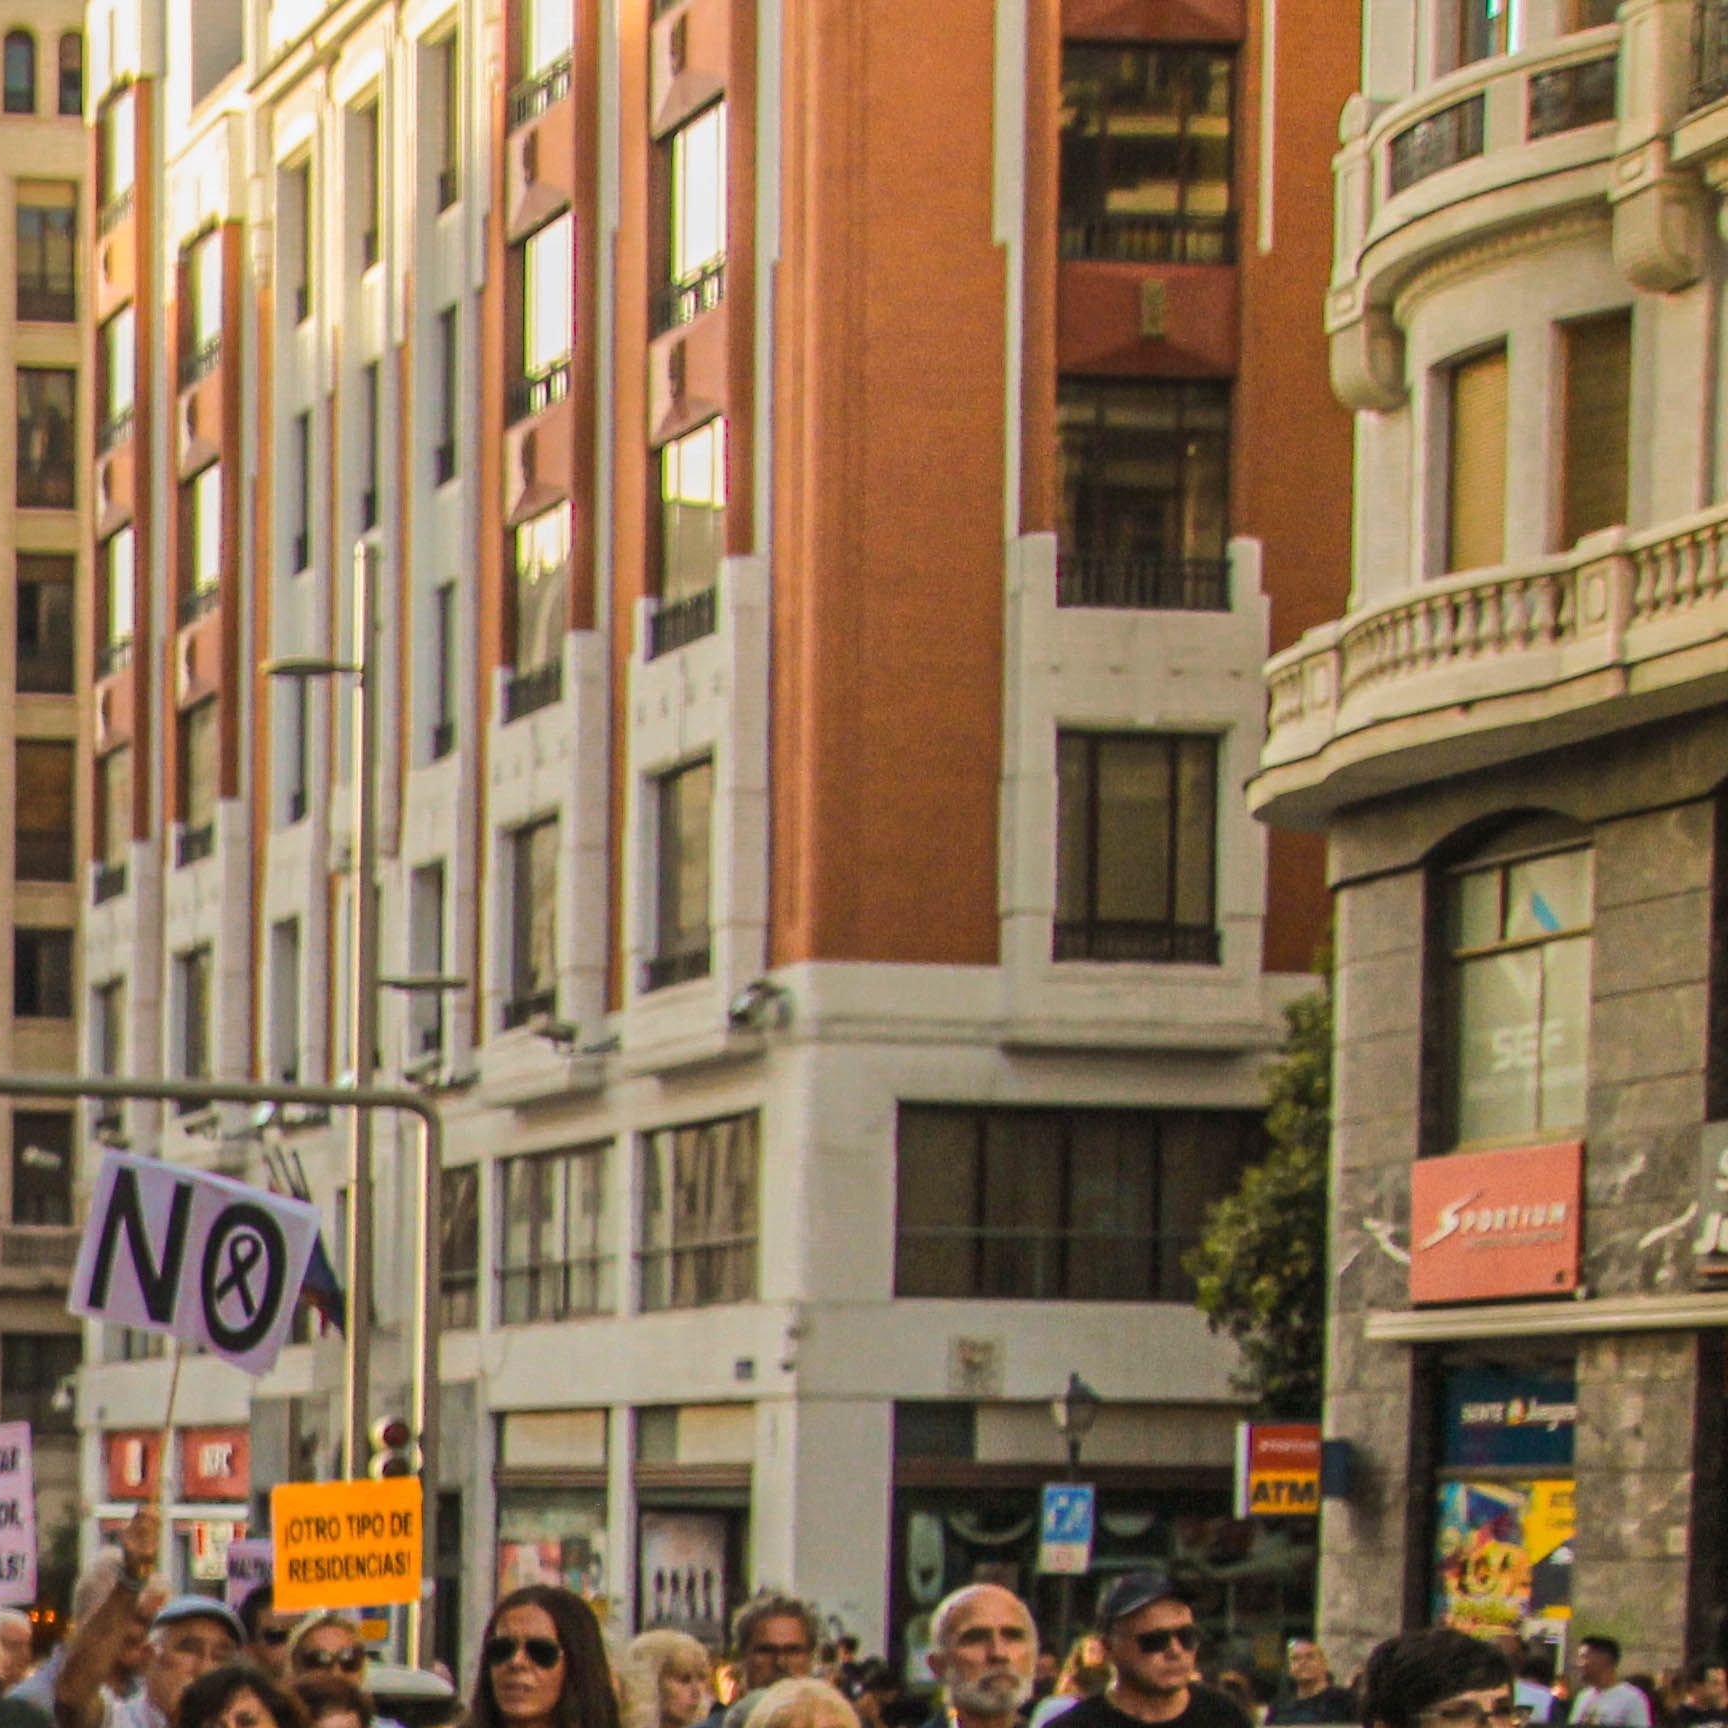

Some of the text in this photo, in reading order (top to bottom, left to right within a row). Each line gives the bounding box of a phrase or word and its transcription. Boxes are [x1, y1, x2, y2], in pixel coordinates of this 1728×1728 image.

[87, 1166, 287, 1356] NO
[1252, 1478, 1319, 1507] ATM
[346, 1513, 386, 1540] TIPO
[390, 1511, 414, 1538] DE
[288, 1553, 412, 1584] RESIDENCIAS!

WHAT YOU SHOULD DO: Reproduce the material word for word, minus the images.

REPLY:
Some of the text in this photo, in reading order (top to bottom, left to right within a row). Each line gives the bounding box of a phrase or word and its transcription. Boxes are [x1, y1, x2, y2], in pixel coordinates of this 1728×1728 image.

[87, 1166, 287, 1356] NO
[1252, 1478, 1319, 1507] ATM
[346, 1513, 386, 1540] TIPO
[390, 1511, 414, 1538] DE
[288, 1553, 412, 1584] RESIDENCIAS!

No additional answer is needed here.